• WORK TO COMPLETE: Retype every record exactly. Skip the images.
┌────────
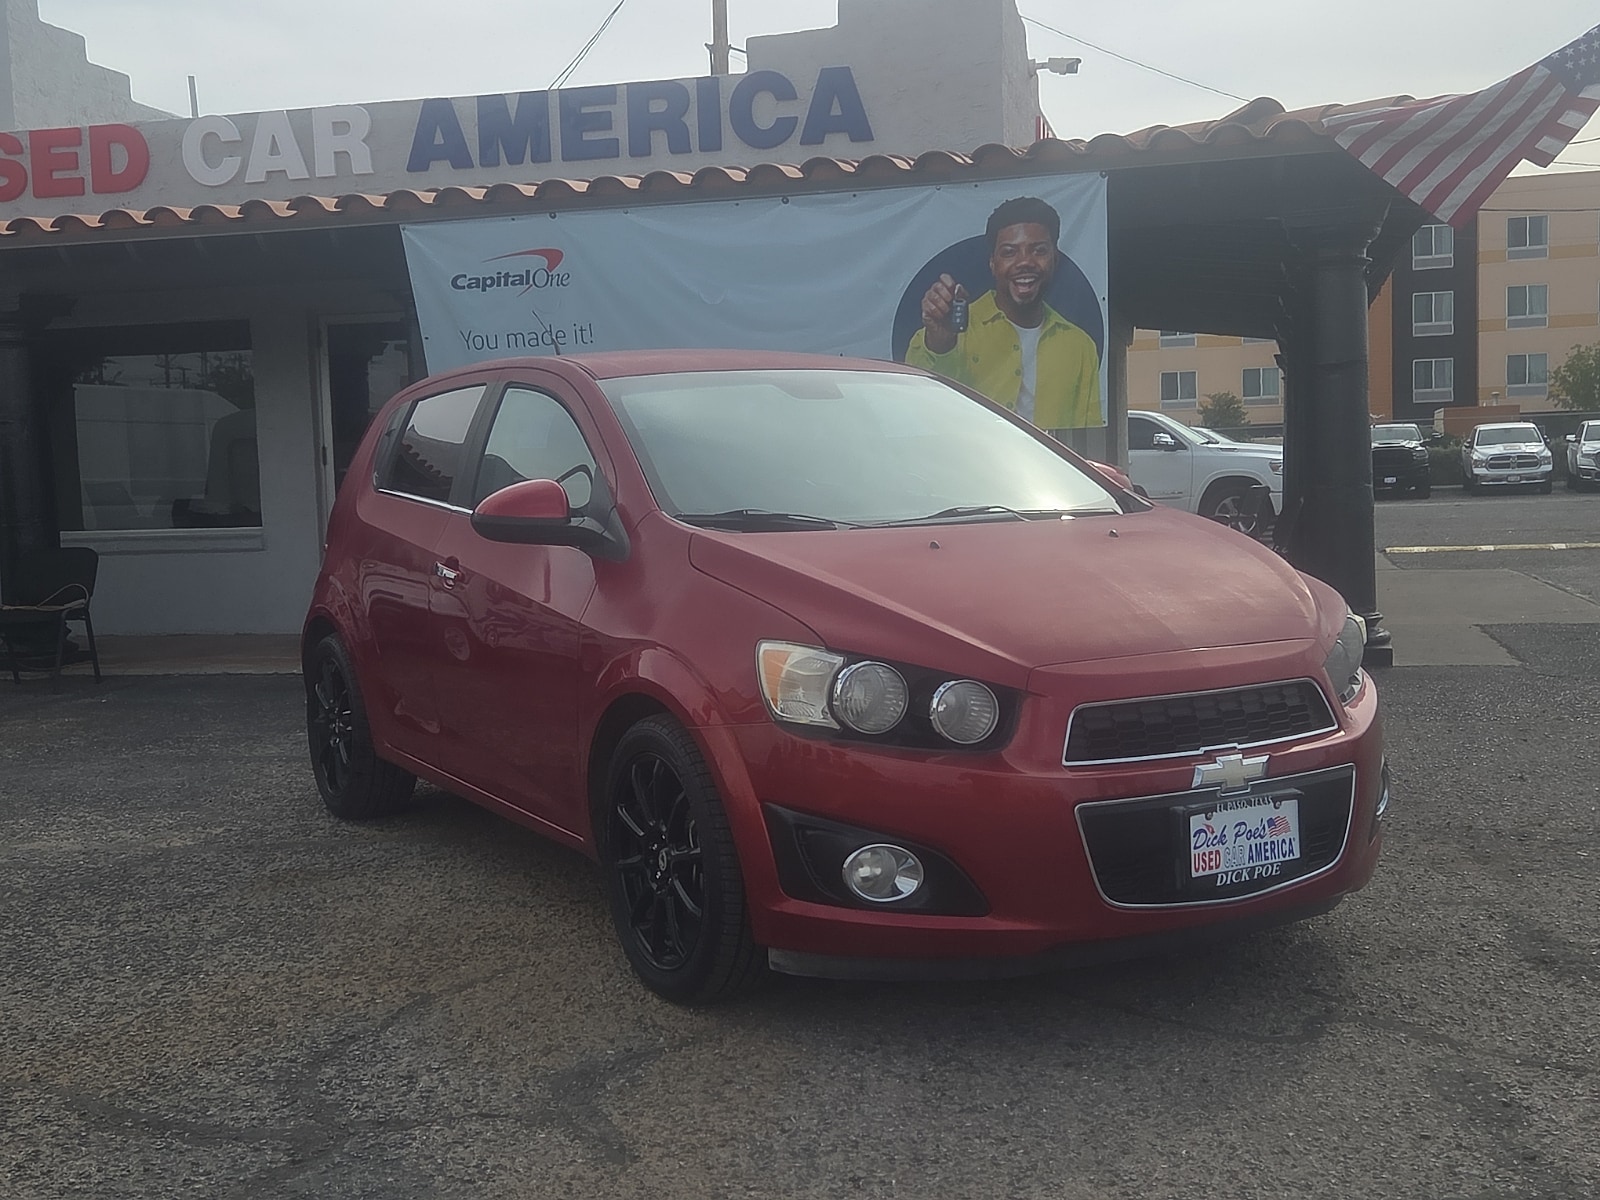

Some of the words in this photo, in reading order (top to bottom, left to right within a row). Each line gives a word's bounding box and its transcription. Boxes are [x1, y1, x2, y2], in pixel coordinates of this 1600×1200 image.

[182, 105, 374, 186] CAR
[406, 66, 875, 172] AMERICA
[460, 329, 498, 351] You
[506, 323, 567, 349] made
[573, 322, 594, 345] it!
[1193, 824, 1228, 850] Dick
[1233, 817, 1267, 844] Poe's
[1193, 849, 1222, 873] USED
[1224, 844, 1246, 868] CAR
[1247, 837, 1296, 864] AMERICA
[1216, 867, 1250, 886] DICK
[1254, 862, 1281, 879] POE
└────────
• WRITTEN SOLUTION:
Some of the words in this photo, in reading order (top to bottom, left to right within a row). Each line gives a word's bounding box and its transcription. Boxes are [x1, y1, x2, y2], in pixel coordinates of this 1600×1200 image.

[182, 105, 374, 186] CAR
[406, 66, 875, 172] AMERICA
[460, 329, 498, 351] You
[506, 323, 567, 349] made
[573, 322, 594, 345] it!
[1193, 824, 1228, 850] Dick
[1233, 817, 1267, 844] Poe's
[1193, 849, 1222, 873] USED
[1224, 844, 1246, 868] CAR
[1247, 837, 1296, 864] AMERICA
[1216, 867, 1250, 886] DICK
[1254, 862, 1281, 879] POE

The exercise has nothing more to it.